Que ce soient les Chinois ou quelqu’un d’autre qui ait hacké les sites internet gouvernementaux n’est pas vraiment important. Selon moi, l’important est la leçon à tirer : nos systèmes informatiques sont vulnérables.

En cas d’attaque contre l’Europe, la plupart de nos ordinateurs seront réduits au silence avant même que la première division ennemie n’ait mis le pied sur le continent. Si on pense qu’en plus, la plupart des machines fonctionnent grâce à un système d’exploitation fourni par le pays le plus agressif de la planète et qui est donc un ennemi potentiel, il y a vraiment de quoi s’inquiéter.
Il est même vraisemblable que des mines sont déjà présentes dans les logiciels de Microsoft.
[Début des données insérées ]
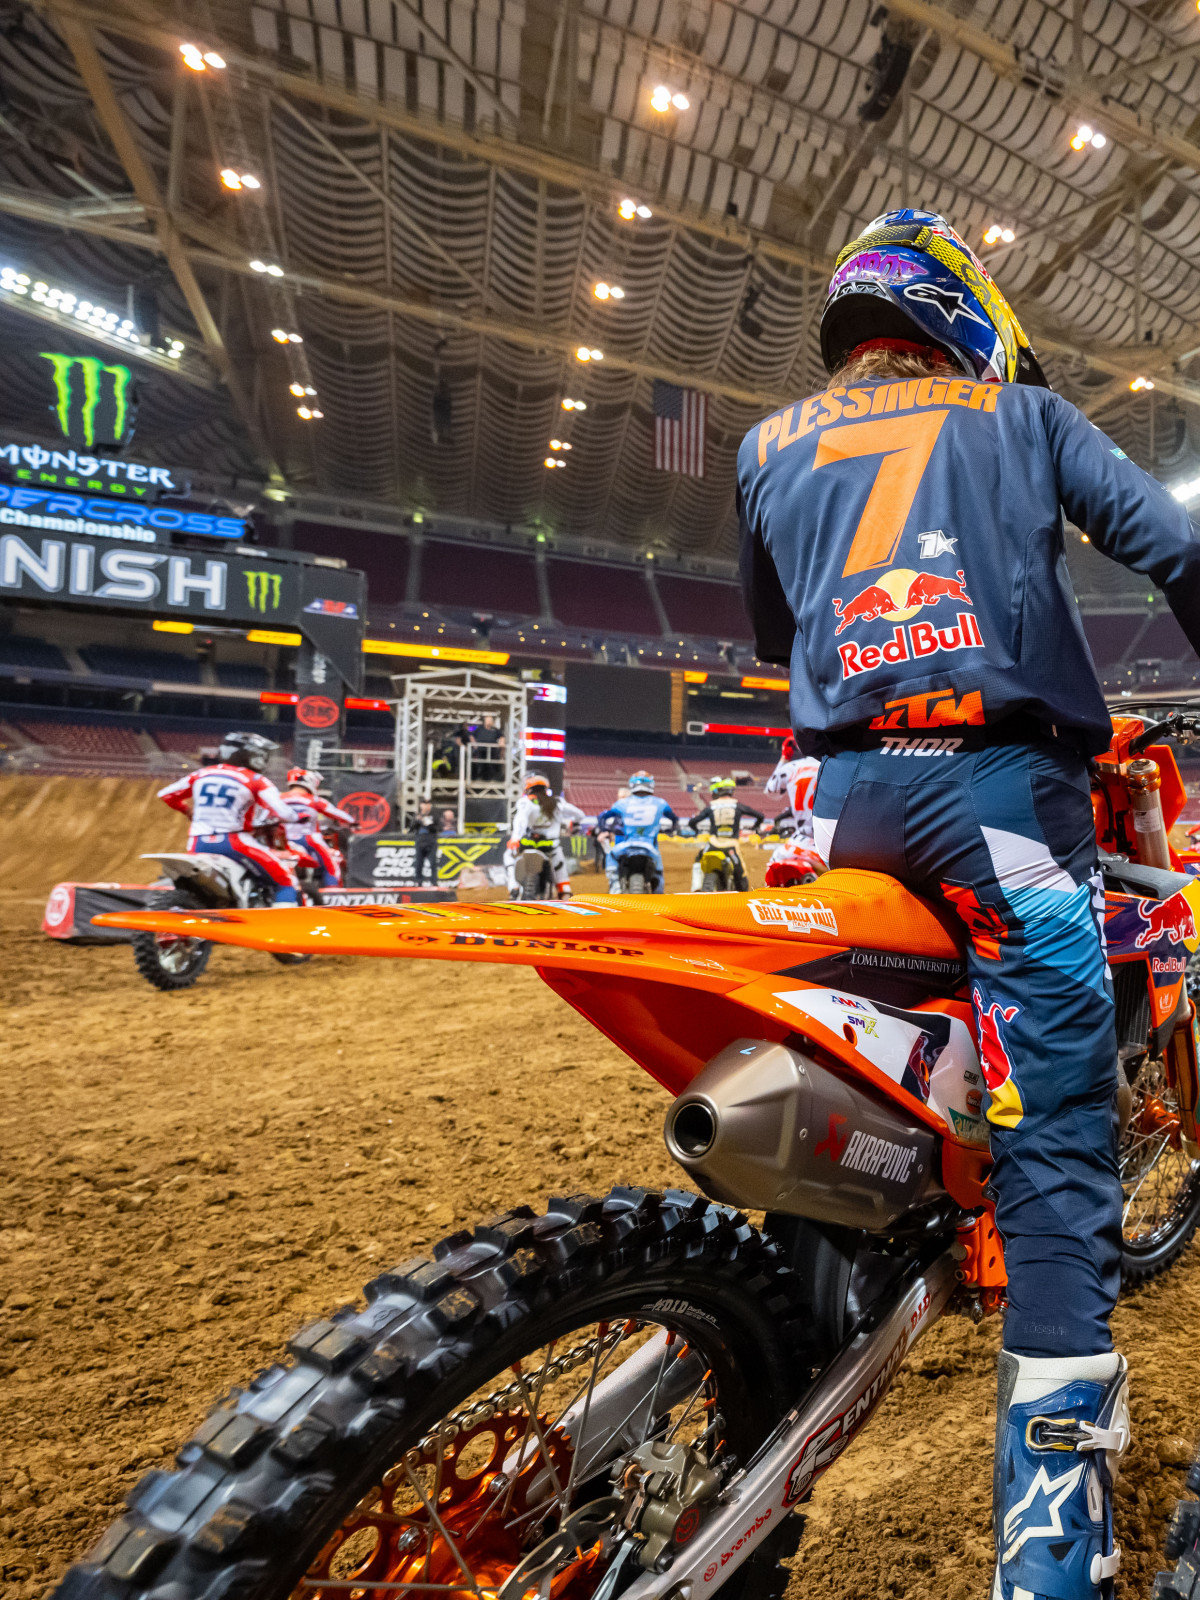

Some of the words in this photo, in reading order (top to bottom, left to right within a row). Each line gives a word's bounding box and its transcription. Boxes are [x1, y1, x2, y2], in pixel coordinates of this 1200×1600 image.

Je n’en veux pour exemple que des copier/coller de certains sites internet vers des fichiers Words sont déjà transmis automatiquement à la société Akamai Technologies à Washington. C’est l’excellentissime firewall de Kerio qui m’en a informé en signalant une sortie internet non désirée vers l’adresse IP 195.130.135.212 qui est celle d’ Akamai Technologies. Le spyware se trouve d’origine dans Word ! Pour m’en protéger sans bloquer Word, je n’ai pas trouvé d’autre alternative que d’intercaler une machine UNIX entre les PC et l’extérieur. Je signale en passant que c’est une bonne protection contre la plupart des agressions et qu’un UNIX en lignes de commande (un vieil AIX-3 d’IBM ou un LINUX sans GUI) tourne sur des machines anciennes qu’on trouve sur les chantiers de démolition.

 
sarkar
10H17 12/09/2007

Excellente repartie que ce « mystère des hackers »!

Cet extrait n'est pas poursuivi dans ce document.